Особенно усердно трудились Ян Лян и Ху Ли-гун.
– А что еще перенести? – то и дело спрашивали они.
Большой двор был переполнен, казалось, что людей не становится меньше. При выходе, где проверялись пропуска, образовался затор.
Женщины столпились у сложенных грудами одеял, платьев, кухонной утвари. Когда одной из них попадалось на глаза платье, нравившееся ей больше, чем то, которое полагалось ей по талону, она начинала кричать:
– Неправильно! Мне нужно не это, а вон то, получше!
Платья женщины примеряли тут же. Те, кому досталась хорошая одежда, сияли от радости. А когда попадалось старинное платье из тяжелого шелка с вышивкой, да еще красное – свадебное, женщины смеялись; шутили и зрители.
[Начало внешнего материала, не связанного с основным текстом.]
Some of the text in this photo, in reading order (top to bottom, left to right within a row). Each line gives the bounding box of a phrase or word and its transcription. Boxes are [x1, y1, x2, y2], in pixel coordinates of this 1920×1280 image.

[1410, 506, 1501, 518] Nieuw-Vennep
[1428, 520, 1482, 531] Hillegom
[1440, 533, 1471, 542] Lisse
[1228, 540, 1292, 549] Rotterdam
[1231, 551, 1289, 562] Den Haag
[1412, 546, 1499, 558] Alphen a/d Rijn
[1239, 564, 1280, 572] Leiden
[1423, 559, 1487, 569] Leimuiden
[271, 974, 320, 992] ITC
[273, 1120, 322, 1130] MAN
Больше всего недоразумений возникало среди женщин, поэтому к ним назначили двух грамотных председателей групп и одну женщину – Чжоу Юэ-ин. В рваной соломенной шляпе и белой мужской безрукавке, она энергично распоряжалась, размахивая длинной гаоляновой хворостиной. Как всегда, она была впереди всех. Во время суда над Цянь Вэнь-гуем она первая из женщин ворвалась в толпу и, размахнувшись, ударила Цянь Вэнь-гуя по лицу.
Эта женская рука, которая знала только очаг да котел, которая выгребала навоз из хлева, которая огрубела от воды и земли, от зноя и ветра, теперь высоко взметнулась и нанесла удар помещику-людоеду. Общая радость преобразила и ее. Она стала мягче, реже сердилась, меньше придиралась к мужу-пастуху. А муж в ожидании раздела земли теперь чаще бывал дома. Чжоу Юэ-ин и другие женщины принимали самое деятельное участие в распределении вещей.
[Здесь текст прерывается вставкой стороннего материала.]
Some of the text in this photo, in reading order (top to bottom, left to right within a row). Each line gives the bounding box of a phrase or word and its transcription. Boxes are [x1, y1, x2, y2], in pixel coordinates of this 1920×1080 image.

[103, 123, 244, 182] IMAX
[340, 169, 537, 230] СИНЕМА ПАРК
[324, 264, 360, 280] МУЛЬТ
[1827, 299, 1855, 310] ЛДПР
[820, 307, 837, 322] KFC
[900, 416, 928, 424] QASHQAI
Жене Чжао Дэ-лу достались два длинных платья; одно синее, хорошо сидевшее на ней, она тут же надела, а другое, белое, она держала в руках вместе с куском материи в клетку и, поглаживая блестящую гладкую ткань, говорила окружающим:
– Ну и материя! Смотрите, какая тонкая и шелковистая!
Чэн Жэнь обошел все дворы, где происходила раздача. Он толкался в толпе, радовался, глядя, как крестьяне уносят к себе награбленное помещиками добро. Ему самому достались кое-какие инструменты и зерно. Ли Чан помог ему отнести все это домой, а сам вернулся за своими вещами. Теперь он вприпрыжку бежал по улице с четырьмя большими цветочными вазами в руках.
– Зачем они тебе? – спросил его Ху Ли-гун, попавшийся ему навстречу.
– Да никто их не берет, – ответил ему с широкой улыбкой на веснушчатом лице Ли Чан, – вот я и взял себе.
– Ха-ха, брат Ли Чан, – засмеялись в толпе. – Что ж ты не взял пестрого платьица для своей малютки? Пригодилось бы ей, когда сядет зимой в паланкин[46]46
В паланкине несут невесту в дом мужа. – Прим. перев.
[Закрыть].– Ли Чан покраснел и, ничего не ответив, будто не расслышал вопроса, побежал дальше.
– Что это за малютка? – спросил Ху Ли-гун.
– Будущая его жена, которая воспитывается у них в доме. Уж очень она маленького роста. Ха-ха!
Мать Гу Чан-шэна ковыляла по улице, прижимая к груди двух кур. Ей не терпелось поделиться впечатлениями с кем-нибудь, и, завидя Вэнь Цая, она бросилась к нему:
– Вот уж вы о нас позаботились, товарищ! Обо всем-то вы подумали! Теперь каждый получит то, в чем нуждается.
– А у тебя, видно, кур не было, вот тебе и дали парочку! – засмеялся Вэнь Цай.
– Кур-то у меня своих достаточно, так ведь те я за деньги покупала, а эти куры особенные, освобожденные… хэ-хэ…
Кругом засмеялись.
– А больше тебе ничего не дали? – спросил Вэнь Цай.
– Разве меня могли обойти? – ухмыляясь, сказала старуха. – Ведь у меня сын фронтовик, вот я и получила пять доу зерна. Зерно-то у меня есть, я в нем не терплю недостатка. Вот урожай скоро соберу. Но, начальник Вэнь, ведь мне все равно причитается! Из уважения! Как матери фронтовика, верно?
– Иди, тетка, домой! Да хорошенько корми своих новых кур, освобожденных! – крикнул Ян Лян, стоявший поодаль.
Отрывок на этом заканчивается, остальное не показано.